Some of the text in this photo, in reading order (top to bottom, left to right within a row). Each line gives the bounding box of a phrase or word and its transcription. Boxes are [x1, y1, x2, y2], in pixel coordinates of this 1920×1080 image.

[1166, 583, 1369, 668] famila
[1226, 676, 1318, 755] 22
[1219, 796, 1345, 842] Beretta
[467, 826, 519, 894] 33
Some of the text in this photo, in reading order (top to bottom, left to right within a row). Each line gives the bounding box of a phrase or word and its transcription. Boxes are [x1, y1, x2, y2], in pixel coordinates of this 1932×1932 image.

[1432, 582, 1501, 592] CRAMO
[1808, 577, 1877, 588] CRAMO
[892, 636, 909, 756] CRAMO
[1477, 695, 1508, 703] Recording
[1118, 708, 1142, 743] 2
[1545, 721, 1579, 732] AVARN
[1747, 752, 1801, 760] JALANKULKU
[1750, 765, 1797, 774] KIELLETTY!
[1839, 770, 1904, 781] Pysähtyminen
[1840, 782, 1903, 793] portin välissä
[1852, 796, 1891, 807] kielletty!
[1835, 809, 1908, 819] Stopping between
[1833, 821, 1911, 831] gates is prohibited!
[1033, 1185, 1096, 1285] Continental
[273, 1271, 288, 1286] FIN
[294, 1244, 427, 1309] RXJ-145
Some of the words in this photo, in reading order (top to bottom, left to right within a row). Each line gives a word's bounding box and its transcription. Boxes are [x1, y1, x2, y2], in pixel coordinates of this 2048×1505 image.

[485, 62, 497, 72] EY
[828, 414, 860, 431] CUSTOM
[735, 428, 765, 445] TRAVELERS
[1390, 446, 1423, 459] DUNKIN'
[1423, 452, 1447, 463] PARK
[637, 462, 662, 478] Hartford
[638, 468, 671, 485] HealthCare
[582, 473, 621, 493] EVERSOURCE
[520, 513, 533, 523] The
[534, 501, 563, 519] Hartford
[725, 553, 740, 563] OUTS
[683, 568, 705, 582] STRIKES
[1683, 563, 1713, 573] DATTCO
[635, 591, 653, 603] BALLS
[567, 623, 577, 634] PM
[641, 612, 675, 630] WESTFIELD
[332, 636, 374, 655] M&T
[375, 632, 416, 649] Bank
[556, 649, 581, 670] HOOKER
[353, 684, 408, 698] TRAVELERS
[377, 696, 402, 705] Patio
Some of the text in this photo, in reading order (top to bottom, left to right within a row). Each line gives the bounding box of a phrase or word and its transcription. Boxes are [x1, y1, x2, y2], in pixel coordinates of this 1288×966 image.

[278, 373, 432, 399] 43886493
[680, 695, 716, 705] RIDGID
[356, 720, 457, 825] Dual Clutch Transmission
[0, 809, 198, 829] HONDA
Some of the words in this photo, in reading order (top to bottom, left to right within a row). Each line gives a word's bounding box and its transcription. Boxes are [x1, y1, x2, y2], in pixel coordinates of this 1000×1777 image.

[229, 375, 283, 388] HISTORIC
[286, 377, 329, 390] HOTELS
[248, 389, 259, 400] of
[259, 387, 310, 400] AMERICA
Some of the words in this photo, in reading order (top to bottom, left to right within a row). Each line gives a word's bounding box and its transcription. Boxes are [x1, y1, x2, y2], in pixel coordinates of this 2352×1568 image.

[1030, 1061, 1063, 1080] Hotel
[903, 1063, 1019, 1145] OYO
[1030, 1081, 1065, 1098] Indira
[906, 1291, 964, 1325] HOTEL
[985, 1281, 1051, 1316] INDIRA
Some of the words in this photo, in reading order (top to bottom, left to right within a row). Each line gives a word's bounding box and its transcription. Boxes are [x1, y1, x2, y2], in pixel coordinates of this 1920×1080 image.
*-*-*
■ TASK DIRECTIONS
Please transcribe the entries above exactly as written.

■ ANSWER SECTION
Some of the text in this photo, in reading order (top to bottom, left to right within a row). Each line gives the bounding box of a phrase or word and its transcription. Boxes are [x1, y1, x2, y2], in pixel coordinates of this 1920×1080 image.

[1166, 583, 1369, 668] famila
[1226, 676, 1318, 755] 22
[1219, 796, 1345, 842] Beretta
[467, 826, 519, 894] 33
Some of the text in this photo, in reading order (top to bottom, left to right within a row). Each line gives the bounding box of a phrase or word and its transcription. Boxes are [x1, y1, x2, y2], in pixel coordinates of this 1932×1932 image.

[1432, 582, 1501, 592] CRAMO
[1808, 577, 1877, 588] CRAMO
[892, 636, 909, 756] CRAMO
[1477, 695, 1508, 703] Recording
[1118, 708, 1142, 743] 2
[1545, 721, 1579, 732] AVARN
[1747, 752, 1801, 760] JALANKULKU
[1750, 765, 1797, 774] KIELLETTY!
[1839, 770, 1904, 781] Pysähtyminen
[1840, 782, 1903, 793] portin välissä
[1852, 796, 1891, 807] kielletty!
[1835, 809, 1908, 819] Stopping between
[1833, 821, 1911, 831] gates is prohibited!
[1033, 1185, 1096, 1285] Continental
[273, 1271, 288, 1286] FIN
[294, 1244, 427, 1309] RXJ-145
Some of the words in this photo, in reading order (top to bottom, left to right within a row). Each line gives a word's bounding box and its transcription. Boxes are [x1, y1, x2, y2], in pixel coordinates of this 2048×1505 image.

[485, 62, 497, 72] EY
[828, 414, 860, 431] CUSTOM
[735, 428, 765, 445] TRAVELERS
[1390, 446, 1423, 459] DUNKIN'
[1423, 452, 1447, 463] PARK
[637, 462, 662, 478] Hartford
[638, 468, 671, 485] HealthCare
[582, 473, 621, 493] EVERSOURCE
[520, 513, 533, 523] The
[534, 501, 563, 519] Hartford
[725, 553, 740, 563] OUTS
[683, 568, 705, 582] STRIKES
[1683, 563, 1713, 573] DATTCO
[635, 591, 653, 603] BALLS
[567, 623, 577, 634] PM
[641, 612, 675, 630] WESTFIELD
[332, 636, 374, 655] M&T
[375, 632, 416, 649] Bank
[556, 649, 581, 670] HOOKER
[353, 684, 408, 698] TRAVELERS
[377, 696, 402, 705] Patio
Some of the text in this photo, in reading order (top to bottom, left to right within a row). Each line gives the bounding box of a phrase or word and its transcription. Boxes are [x1, y1, x2, y2], in pixel coordinates of this 1288×966 image.

[278, 373, 432, 399] 43886493
[680, 695, 716, 705] RIDGID
[356, 720, 457, 825] Dual Clutch Transmission
[0, 809, 198, 829] HONDA
Some of the words in this photo, in reading order (top to bottom, left to right within a row). Each line gives a word's bounding box and its transcription. Boxes are [x1, y1, x2, y2], in pixel coordinates of this 1000×1777 image.

[229, 375, 283, 388] HISTORIC
[286, 377, 329, 390] HOTELS
[248, 389, 259, 400] of
[259, 387, 310, 400] AMERICA
Some of the words in this photo, in reading order (top to bottom, left to right within a row). Each line gives a word's bounding box and its transcription. Boxes are [x1, y1, x2, y2], in pixel coordinates of this 2352×1568 image.

[1030, 1061, 1063, 1080] Hotel
[903, 1063, 1019, 1145] OYO
[1030, 1081, 1065, 1098] Indira
[906, 1291, 964, 1325] HOTEL
[985, 1281, 1051, 1316] INDIRA
Some of the words in this photo, in reading order (top to bottom, left to right within a row). Each line gives a word's bounding box and its transcription. Boxes are [x1, y1, x2, y2], in pixel coordinates of this 1920×1080 image.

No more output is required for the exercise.